Posada de La Sangre (Toledo). Emilio Poy Dalmau, óleo sobre lienzo, 50 X 70,5 cm |
El poder de un destino irresistible...
“Haz lo que quieras..., mi vida es tuya”
Catalina, Condesa de S.***
La diligencia entraba ya en Ocaña y los
dos viajeros de la berlina, que se devoraban con los ojos, aún no habían
acertado a explicarse mutuamente por qué casualidad se encontraban juntos. Las
primeras palabras que se dirigieron uno a otro nada decían, nada aclaraban.
Y uno y otro callaron
apretándose las manos con efusión. Hay sensaciones en la vida que ningún hombre
puede comprender ni explicar en el momento en que las experimenta. Se gozan en
silencio, se gozan sin examen: no se busca su origen, no se prevén sus consecuencias.
Parece que al menor esfuerzo, al más leve contacto, por decirlo así, podemos
destruir su encanto, y nos abandonamos a ellas sin intentar explicárnosla. La
condesa y Carlos no se preguntaban nada, nada se decían. Se hallaban juntos,
eran felices en aquel instante: poco les importaba conocer cómo y porqué.

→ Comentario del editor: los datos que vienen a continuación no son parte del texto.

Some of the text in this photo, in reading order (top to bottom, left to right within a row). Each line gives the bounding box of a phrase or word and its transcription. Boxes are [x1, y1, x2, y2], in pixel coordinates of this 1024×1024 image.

Pero la diligencia se detenía delante del
parador, y los viajeros se daban prisa a poner en libertad sus entumecidos
miembros. Carlos bajó, tomó del brazo a la condesa y pidiendo una habitación sola
entrose con ella, sin cuidar de lo que pensarían de aquella acción sus
compañeros de viaje. Tenía una absoluta necesidad de estar solo con Catalina,
de verla, de oírla, de saborear una dicha de la que media hora antes se creía
para siempre privado.
-¡Catalina! ¡Catalina!
¿Es la casualidad, es el cielo o el infierno quien nos reúne? ¡Catalina!

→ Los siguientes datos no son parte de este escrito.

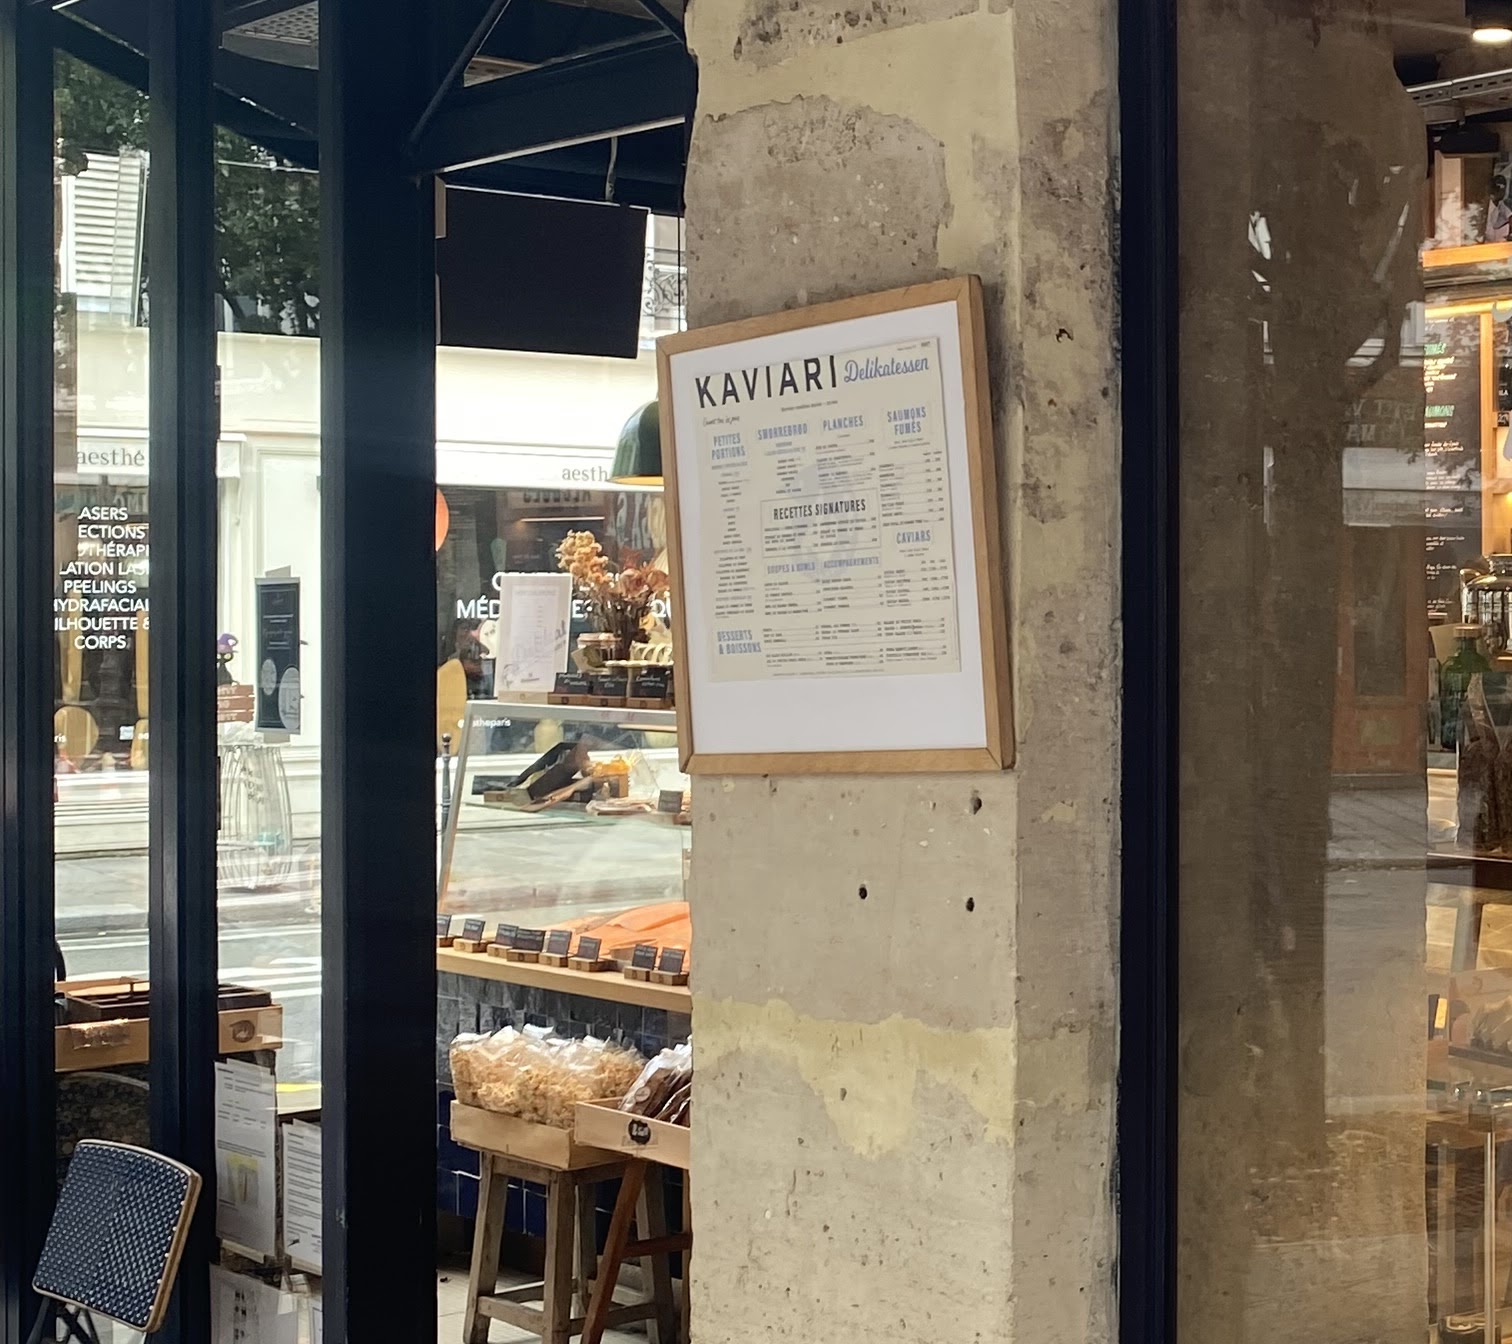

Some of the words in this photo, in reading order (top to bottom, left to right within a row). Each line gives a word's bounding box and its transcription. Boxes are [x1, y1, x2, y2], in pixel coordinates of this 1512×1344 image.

-repitió con arrebatos de placer y dolor, ¿me ha querido Ud. seguir?, ¿es su
voluntad de Ud., es su corazón quien arroja en mis brazos cuando yo huía,
cuando yo me inmolaba a un deber tiránico? ¡Catalina! ¡Hable Ud., hable Ud. por
Dios!
-¡Ud. me huía! -exclamó
ella con un gesto de sorpresa- ¡Pues qué!, ¿no se hallaba Ud. en la diligencia
por frustrar mi cruel resolución?, ¿no se descubrió Ud. mi viaje y sus motivos?
¡Carlos! Explíqueme Ud. esto. Nada comprendo ya.
-¡Ah, Catalina!... ¡Yo
sí, sí! Empiezo a comprender... Y en tal caso vea Ud. el poder de un destino
irresistible... ¡Oh, Dios mío! Esto me hará caer en un ciego fatalismo.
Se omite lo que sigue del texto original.